Read the plain-English breakdown
This is a state audit of selected financial activity at Massasoit Community College, a public two-year college in Massachusetts.
“MCC is a two-year public community college with approximately 4,100 students in day programs and 2,400 in continuing education evening courses.”
The Auditor reviewed whether the college properly collected money, recorded it, approved spending, documented expenses, and followed rules.
“The objectives of our audit were to review MCC’s internal controls to ensure that miscellaneous revenues due were collected and properly accounted for and that expenditures were properly authorized and documented; correctly classified, reported, and recorded; and in conformance with established criteria.”
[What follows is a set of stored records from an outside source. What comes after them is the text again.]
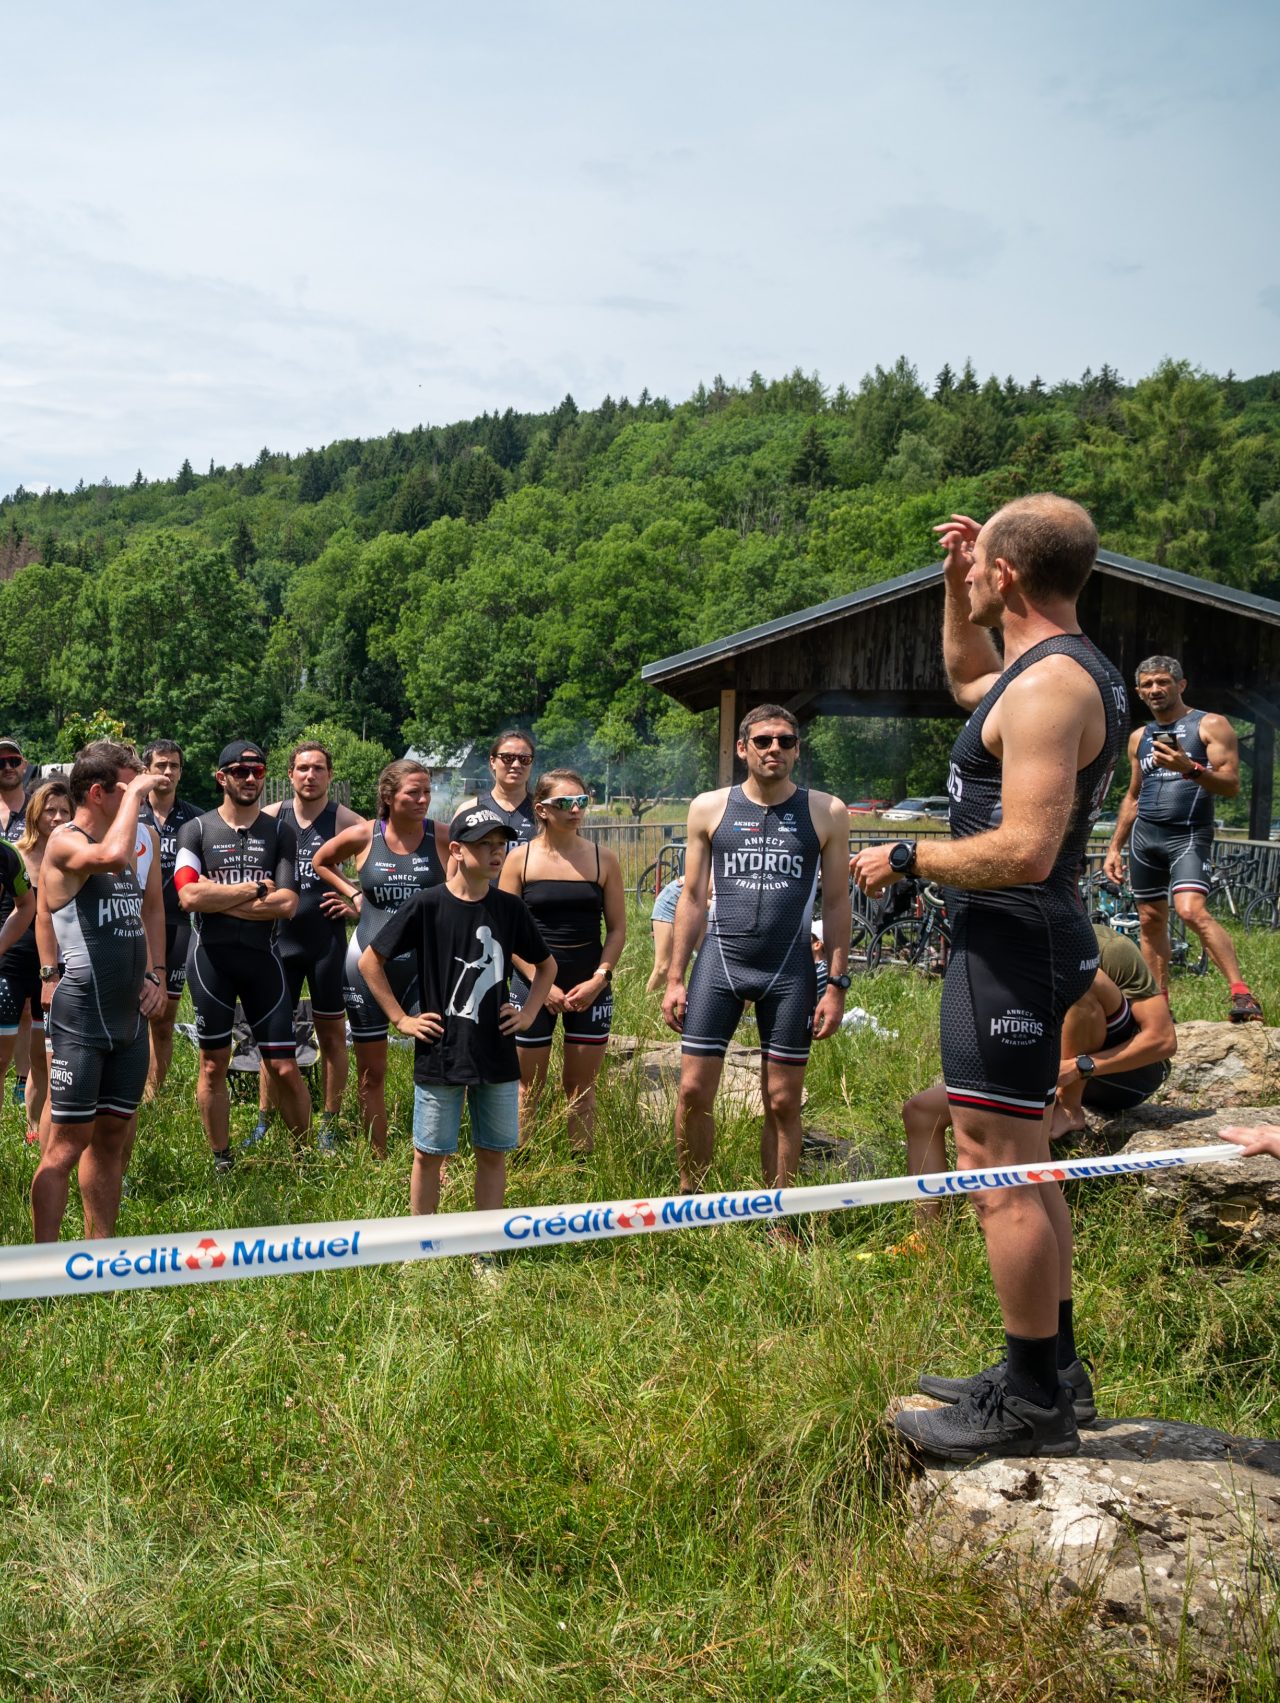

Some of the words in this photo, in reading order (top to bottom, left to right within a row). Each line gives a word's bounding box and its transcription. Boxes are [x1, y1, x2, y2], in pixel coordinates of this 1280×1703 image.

[744, 837, 785, 846] ANNECY
[223, 855, 259, 864] ANNECY
[723, 853, 803, 878] HYDROS
[736, 879, 788, 890] TRIATHLON
[373, 886, 422, 903] HYDR
[98, 898, 144, 927] HYDRO
[1007, 1009, 1033, 1018] ANNECY
[990, 1018, 1043, 1036] HYDROS
[503, 1206, 616, 1240] Crédit
[661, 1190, 784, 1224] Mutuel
[65, 1246, 182, 1280] Crédit
[232, 1231, 361, 1266] Mutuel
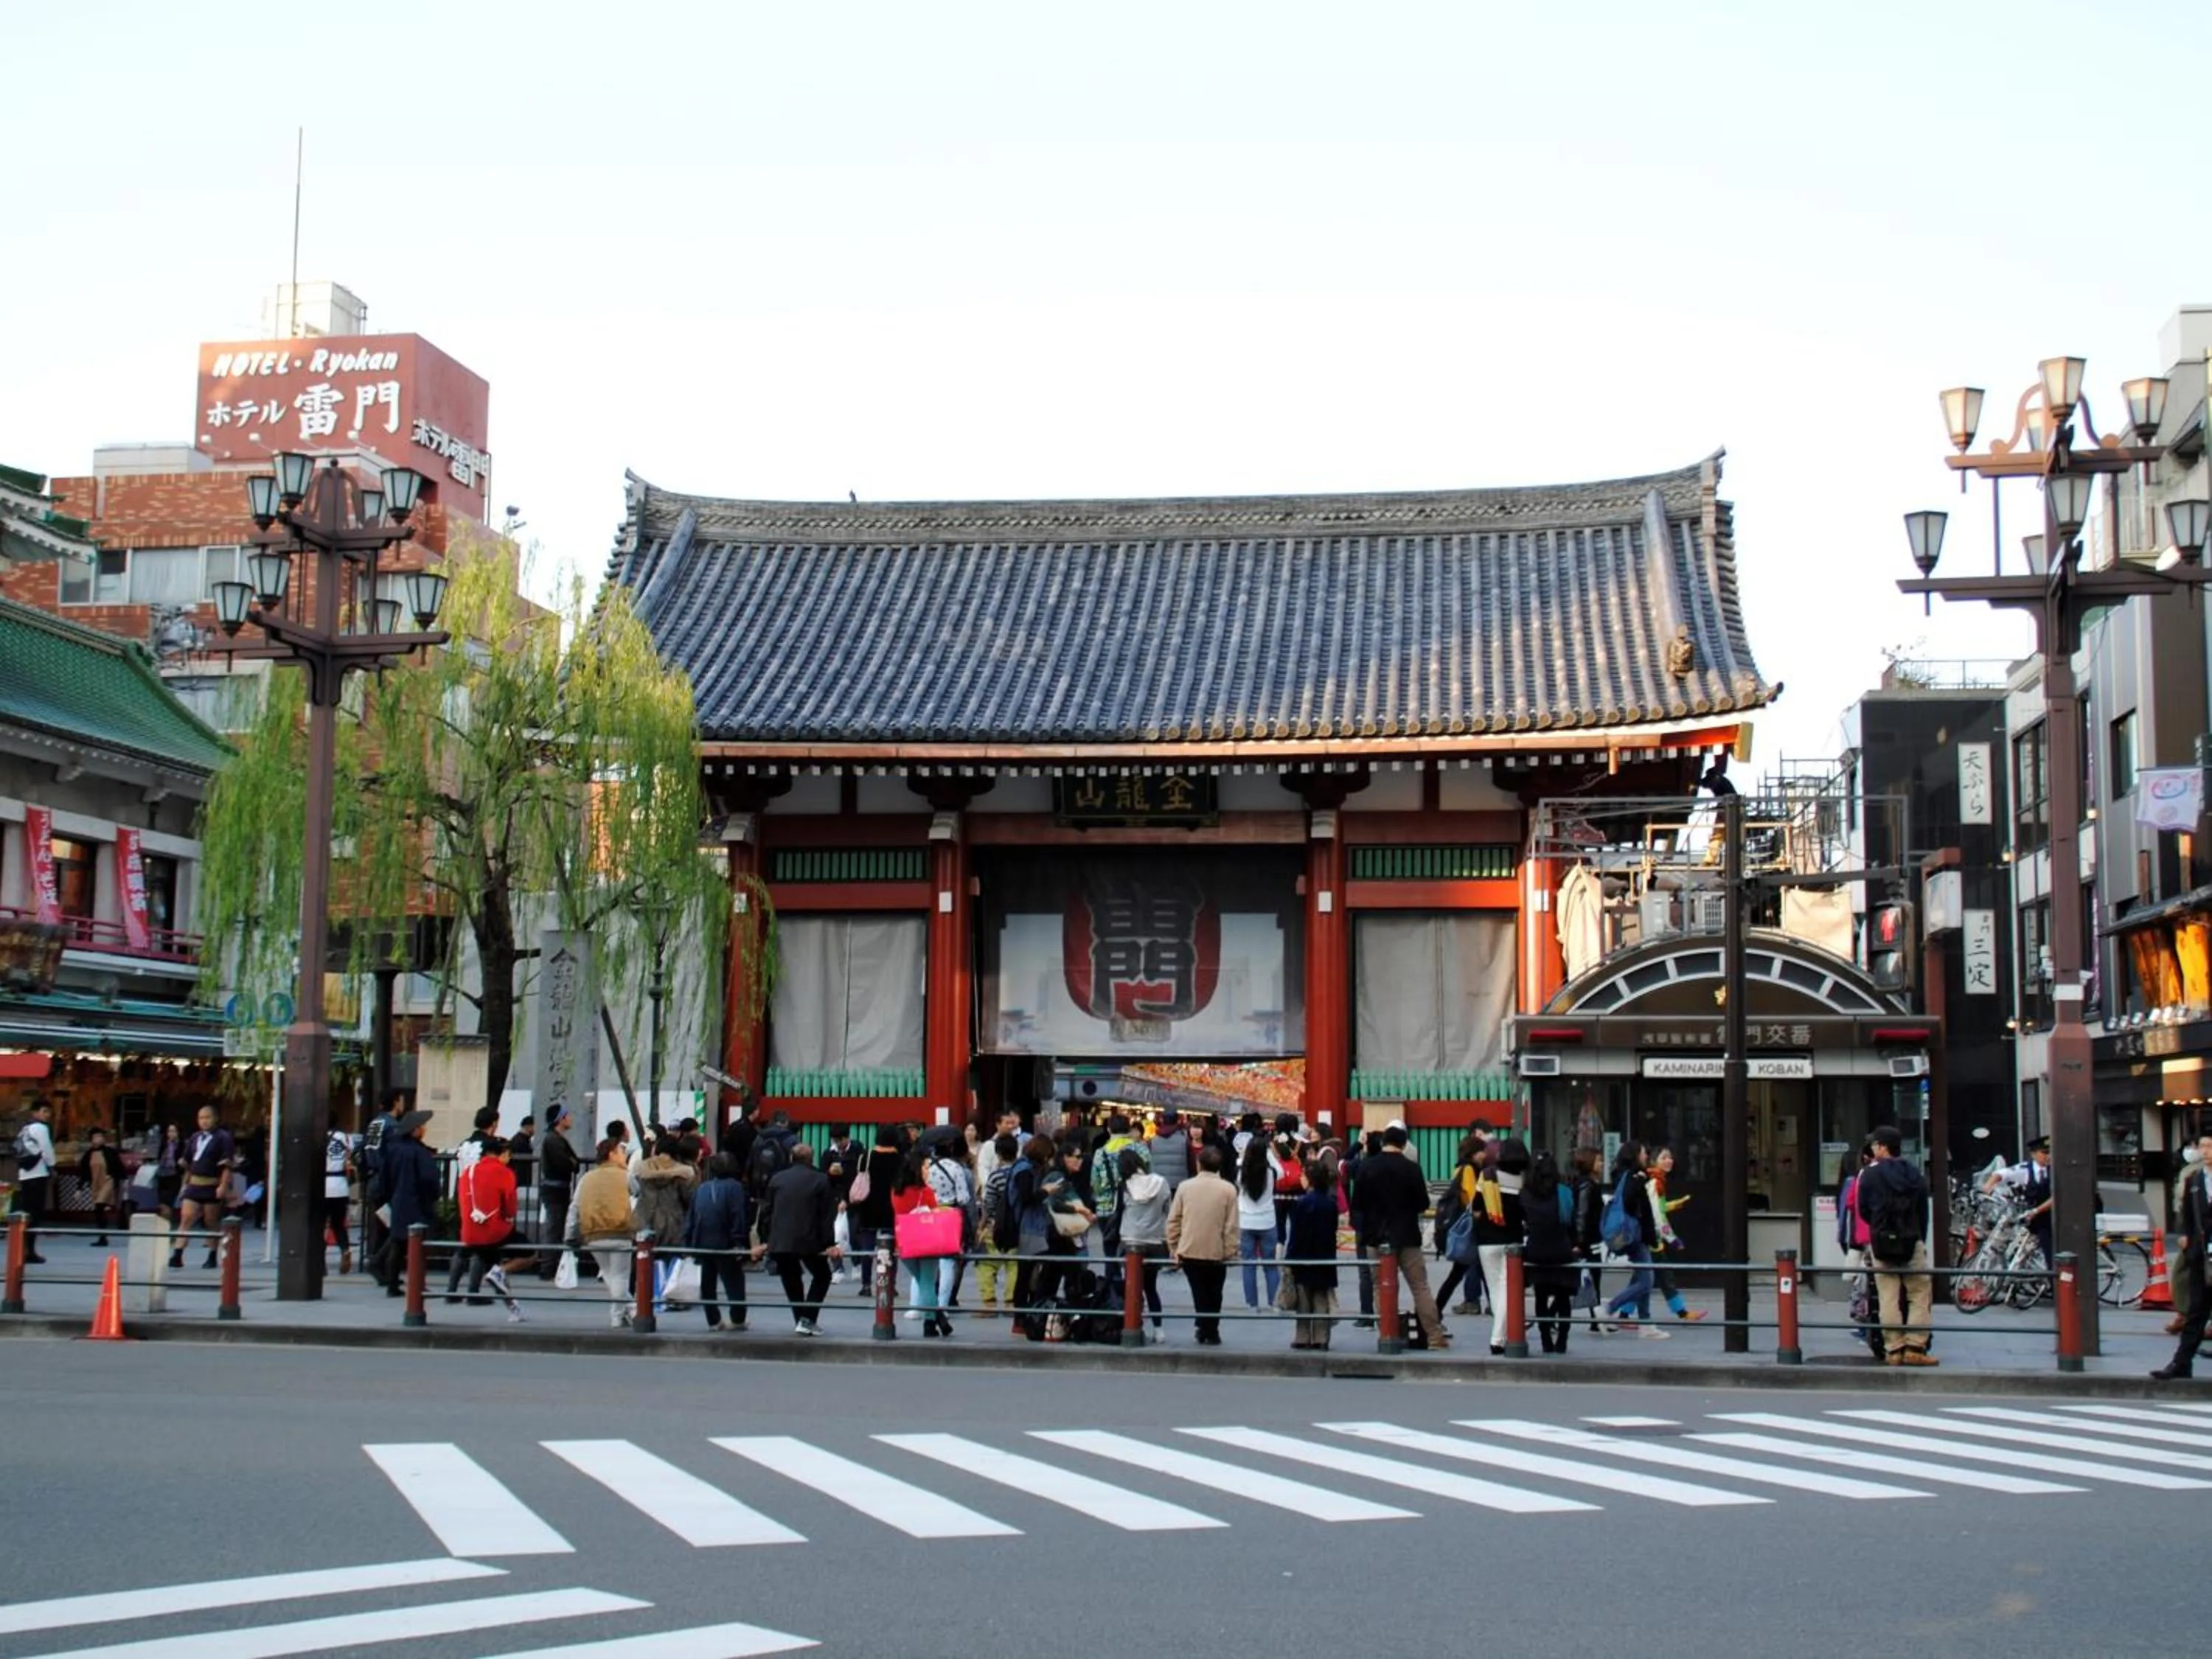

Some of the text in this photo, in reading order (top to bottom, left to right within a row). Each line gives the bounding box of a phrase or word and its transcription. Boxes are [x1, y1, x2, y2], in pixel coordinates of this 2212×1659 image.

The audit matters because the money involved came from public college operations, and weak controls make it harder to know whether funds were handled properly.
“As a result, there is inadequate assurance that MCC has properly collected, reported, recorded, and accounted for these types of operating revenues.”
If you are a student, taxpayer, employee, or parent, this affects whether college funds are used for education-related needs instead of undocumented or questionable expenses.
“Trust funds are used to complement state appropriations in order to ensure sufficient funding for an institution’s total needs.”
The main problem was not just one bad transaction; auditors found repeated gaps in policies, records, approvals, and oversight.
“MCC department heads and senior administrators did not establish an adequate plan to account for, monitor, and control expenditures at the various levels within MCC, and the Board of Trustees did not issue more specific trust fund guidelines.”
The audit recommended that the college tighten controls, improve documentation, strengthen oversight, and address tax and reporting problems.
“MCC should take immediate steps to comply with Chapter 647 of the Acts of 1989 and implement the guidelines established by the Office of the State Comptroller’s Internal Control guide to create proper accountability and safeguard the Commonwealth’s assets.”
The findings are significant because they covered millions in college trust-fund activity and identified more than $162,000 in questionable professional-development payments alone.
“Our audit disclosed that over $162,000 of the $261,867 allocated to MCC under a state appropriation for the payment to employees for educational needs and professional development was not supported by adequate documentation, was not disbursed for authorized purposes, and was disbursed to non-authorized persons.”
“Nonappropriated trust funds” means college-controlled money from sources like tuition, fees, grants, fines, and interest, used alongside state funding.
“The source of these trust funds included tuitions, fees, fines, grants, and interest income.”
13 figure(s) pending source verification - not shown
What the Auditor checked
- Did not comply Review MCC's internal controls to ensure that miscellaneous revenues due were collected and properly accounted for and that expenditures were properly authorized and documented; correctly classified, reported, and recorded; and in conformance with established criteria.
What the Auditor found
Why it matters: There was inadequate assurance that MCC properly collected, reported, recorded, and accounted for operating revenues.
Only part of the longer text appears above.